■ TASK GOAL: An exact retyping of all lines below is the answer; pictures do not belong in it.

Stored items:
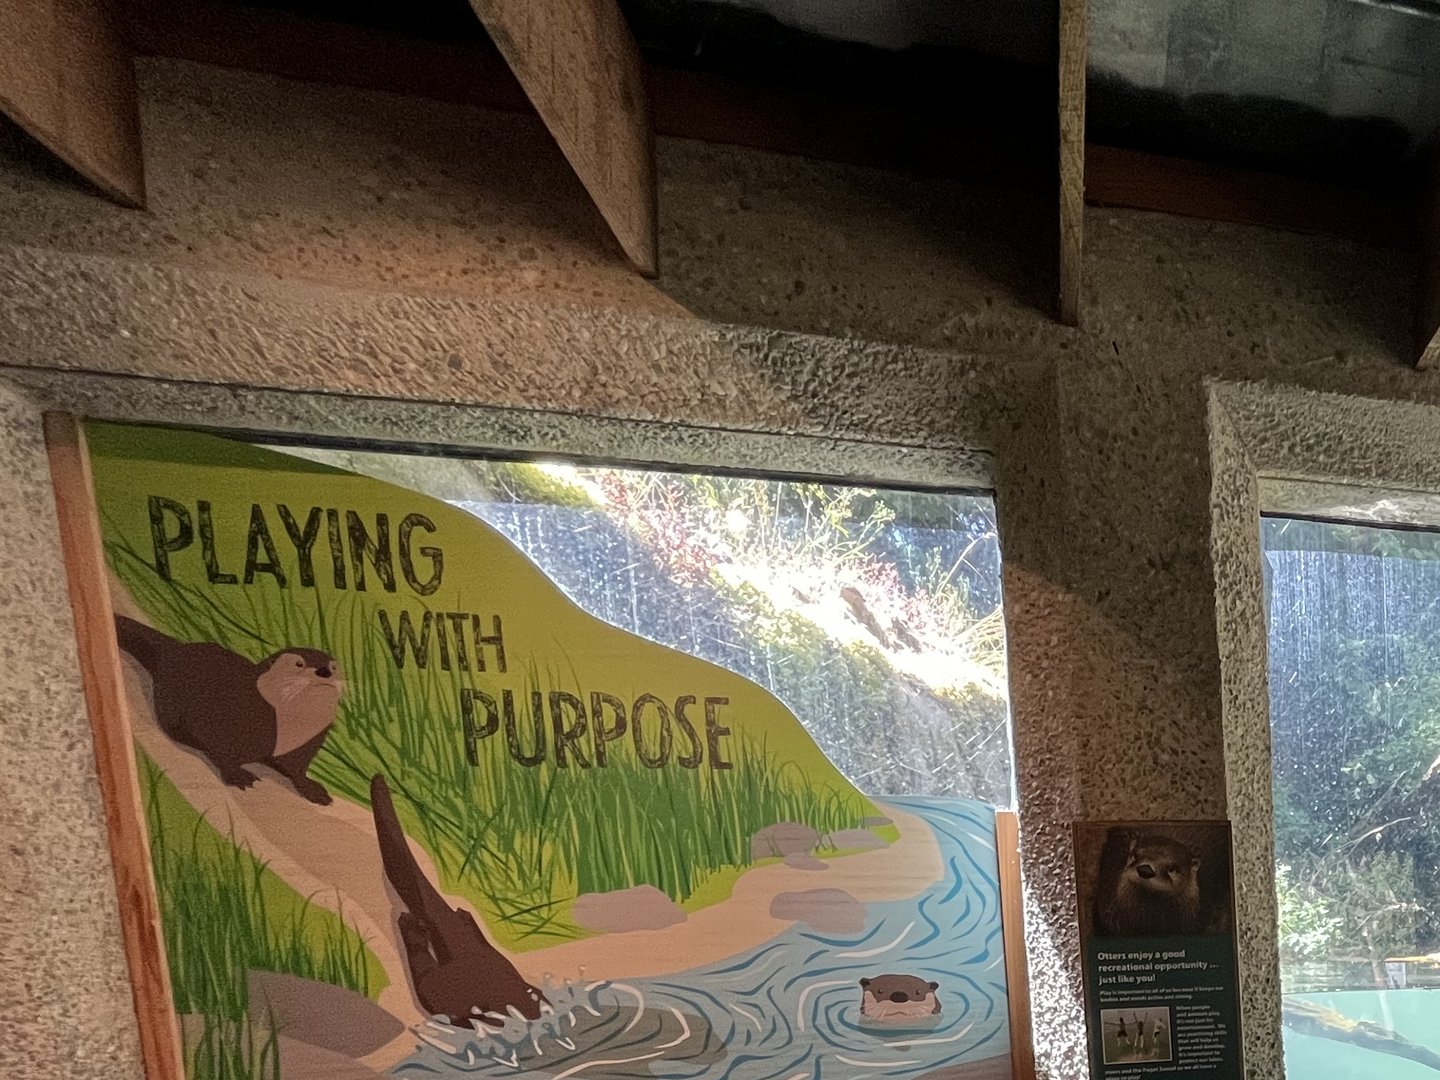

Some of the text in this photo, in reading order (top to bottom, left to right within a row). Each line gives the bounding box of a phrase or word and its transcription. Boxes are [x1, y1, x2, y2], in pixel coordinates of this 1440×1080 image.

[146, 496, 444, 595] PLAYING
[378, 610, 507, 674] WITH
[459, 688, 735, 771] PURPOSE
[1098, 963, 1152, 971] recreational
[1155, 961, 1207, 971] opportunity
[1128, 952, 1153, 960] enjoy
[1162, 950, 1185, 959] good
[1099, 976, 1116, 985] just
[1137, 974, 1155, 984] you!

■ SOLUTION TO THIS EXERCISE:
Some of the text in this photo, in reading order (top to bottom, left to right within a row). Each line gives the bounding box of a phrase or word and its transcription. Boxes are [x1, y1, x2, y2], in pixel coordinates of this 1440×1080 image.

[146, 496, 444, 595] PLAYING
[378, 610, 507, 674] WITH
[459, 688, 735, 771] PURPOSE
[1098, 963, 1152, 971] recreational
[1155, 961, 1207, 971] opportunity
[1128, 952, 1153, 960] enjoy
[1162, 950, 1185, 959] good
[1099, 976, 1116, 985] just
[1137, 974, 1155, 984] you!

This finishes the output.